Question

Two chargedparticles, with charges q1=q and q2=4q, are located at a distance d= 2.00cm apart on the x axis. A third charged particle,with charge q3=q, is placed on the x axis such that the magnitude of the force that charge 1 exerts on charge 3 is equal to the force that charge 2 exerts on charge 3. ~Find theposition of charge 3 when q = 2.00 nC . ~ Assuming charge 1 is located at the origin of the x axisand the positive x axis points to the right, find the two possible values x3,r and x3,l for the position of charge 3. I am stuck on this conversion x^2=2(2-x)^2 to find the value for x!

Answer 1

Answer:

Two possible points

x= 0.67 cm to the right of q1

x= 2 cm to the left of q1

Explanation:

Electrostatic Forces

If two point charges q1 and q2 are at a distance d, there is an electrostatic force between them with magnitude

$\displaystyle f=k\frac{q_1\ q_2}{d^2}$

We need to place a charge q3 someplace between q1 and q2 so the net force on it is zero, thus the force from 1 to 3 (F13) equals to the force from 2 to 3 (F23). The charge q3 is assumed to be placed at a distance x to the right of q1, and (2 cm - x) to the left of q2. Let's compute both forces recalling that q1=1, q2=4q and q3=q.

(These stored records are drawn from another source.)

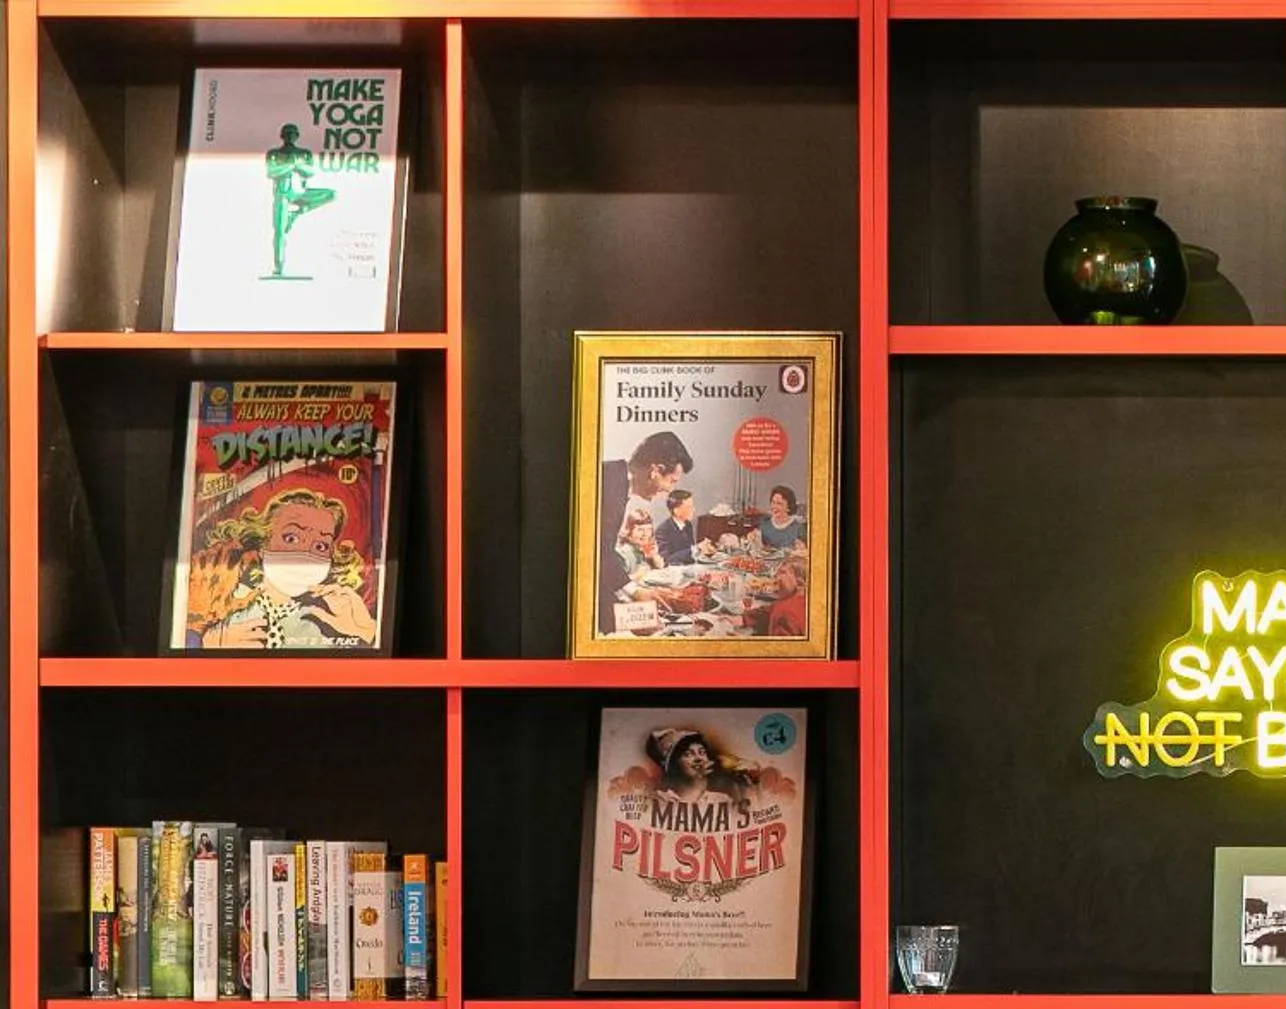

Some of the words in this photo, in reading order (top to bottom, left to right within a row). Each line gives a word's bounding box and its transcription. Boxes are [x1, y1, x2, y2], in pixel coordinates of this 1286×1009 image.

[307, 79, 385, 101] MAKE
[309, 103, 384, 126] YOGA
[324, 128, 383, 150] NOT
[319, 152, 380, 173] WAR
[617, 381, 686, 402] Family
[691, 380, 768, 402] Sunday
[237, 404, 289, 420] ALWAYS
[294, 404, 331, 420] KEEP
[336, 402, 374, 420] YOUR
[616, 405, 699, 423] Dinners
[211, 421, 376, 469] DISTANCE!
[1102, 711, 1242, 767] NOT
[650, 798, 751, 833] MAMA'S
[94, 832, 104, 903] PATTERSON
[224, 835, 234, 874] FORCE
[310, 846, 321, 886] Leaving
[611, 819, 788, 885] PILSNER
[224, 883, 234, 927] NATURE
[407, 891, 422, 944] Ireland

$\displaystyle F_{13}=k\frac{q_1\ q_3}{d_{13}^2}$

$\displaystyle F_{13}=k\frac{(q)\ (q)}{x^2}$

$\displaystyle F_{23}=k\frac{q_2\ q_3}{d_{23}^2}$

$\displaystyle F_{23}=k\frac{(q)(4q)}{(0.02-x)^2}$

$\displaystyle F_{23}=\frac{4k\ q^2}{(0.02-x)^2}$

Equating

$\displaystyle F_{13}=F_{23}$

$\displaystyle \frac{K\ q^2}{x^2}=\frac{4K\ q^2}{(0.02-x)^2}$

Operating and simplifying

$\displaystyle (0.02-x)^2=4x^2$

To solve for x, we must take square roots in boths sides of the equation. It's very important to recall the square root has two possible signs, because it will lead us to 2 possible answer to the problem.

$\displaystyle 0.02-x=\pm 2x$

Assuming the positive sign :

$\displaystyle 0.02-x= 2x$

$\displaystyle 3x=0.02$

$\displaystyle x=0.00667\ m$

$x=0.67\ cm$

Since x is positive, the charge q3 has zero net force between charges q1 and q2. Now, we set the square root as negative

$\displaystyle 0.02-x=-2x$

$\displaystyle x=-0.02\ m$

$\displaystyle x=-2\ cm$

The negative sign of x means q3 is located to the left of q1 (assumed in the origin).